Alcohol affects the entire brain because it reaches all areas of the brain. However, different parts of the brain are responsible for different functions, such as motor control, thinking, alertness, sensations, speech, coordination, and balance. Below is a list of several of the intoxicating effects of alcohol and the corresponding brain regions affected by alcohol:
- Excitation (disinhibition): a normally functioning frontal cortex helps to suppress or inhibit behaviors that are socially inappropriate and impulsive. Alcohol releases this “brake” within the frontal cortex.
- Pleasure: the “pleasure or reward pathway” extends from the midbrain area to the limbic system (involved in emotion). Although not actually a symptom of intoxication, it is the pleasurable feeling that reinforces someone to keep drinking.
- Loss of judgment: the frontal cortex also controls judgment, thinking, decision-making, and risk-taking behavior.
- Slowed reaction time: the motor cortex (frontal lobe) and the sensory cortex (parietal lobe) or visual cortex (occipital lobe) work together to coordinate sensory information coming in to the brain (such as touch or vision) with the reaction instructions going out of the brain to perform some type of movement.
Figure 2.2 Symptoms of alcohol intoxication are produced in different brain regions. One of the first areas affected as intoxication develops is the frontal cortex–leading to loss of judgement.
- Unsteady gait: the cerebellum, located underneath in the back of the brain, controls balance and coordination.
- Nausea and vomiting: In the brainstem, or medulla, there is a tiny area that controls vomiting “the vomiting center”. Right next door, there is an area called the “chemoreceptor trigger zone”. Receptors in this zone sense when there is a toxic substance in the blood and send neural signals to the stomach to vomit as a protective action. Click here to read about potential fatal effects of vomiting while intoxicated.
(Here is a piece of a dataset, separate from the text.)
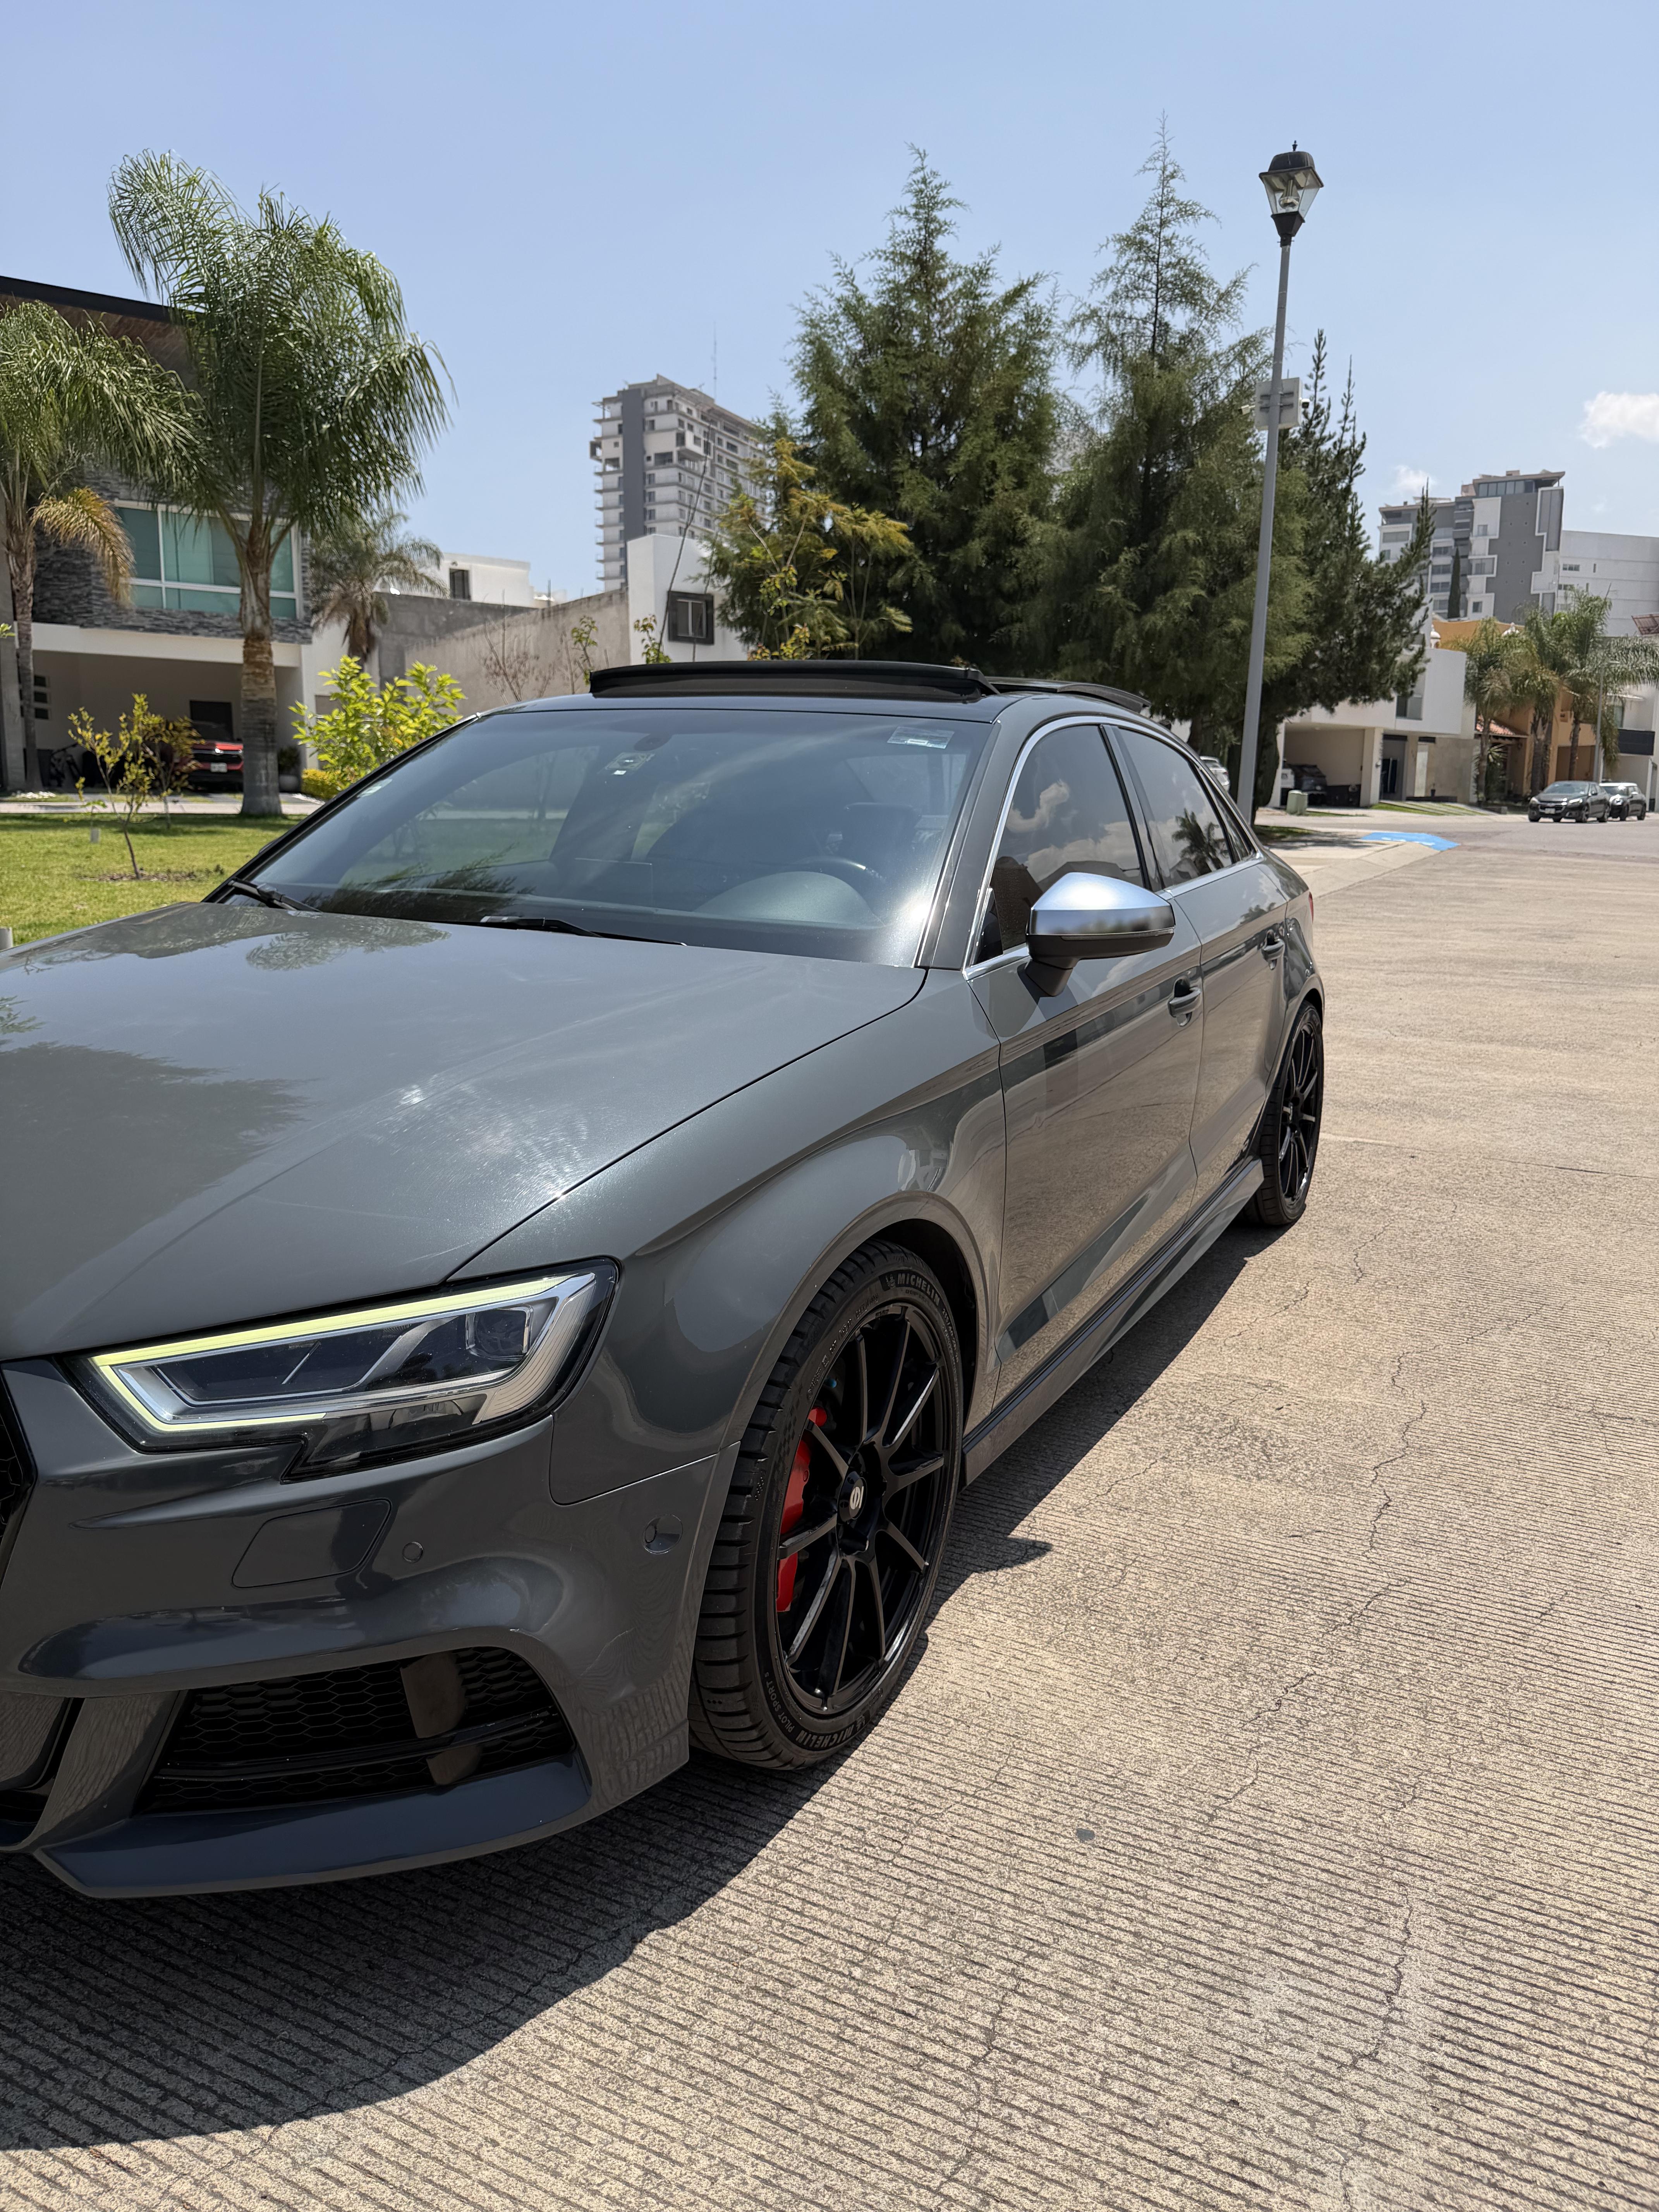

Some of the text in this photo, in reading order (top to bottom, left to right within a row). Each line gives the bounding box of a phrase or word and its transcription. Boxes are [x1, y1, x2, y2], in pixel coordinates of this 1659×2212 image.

- Sedation: several areas of the brain participate in maintaining alertness; these range from the brainstem up to the cerebral cortex.
- Loss of memory: the hippocampus lies deep inside the brain; it controls learning and memory. An inability to recall events during and after drinking is called a blackout. It occurs because alcohol prevents the hippocampus from consolidating the information that actually forms the memory.
- Loss of consciousness: complete depression of activity in the cerebral cortex leads to a loss of all thought, speech, and motor control. However, vital functions (breathing, heart rate) are still preserved.
- Respiratory depression: the brainstem, at the bottom of the brain, is an area that governs many vital functions such as breathing, heart rate, and blood pressure. It is a good thing that the neurons in the brainstem are least sensitive to alcohol.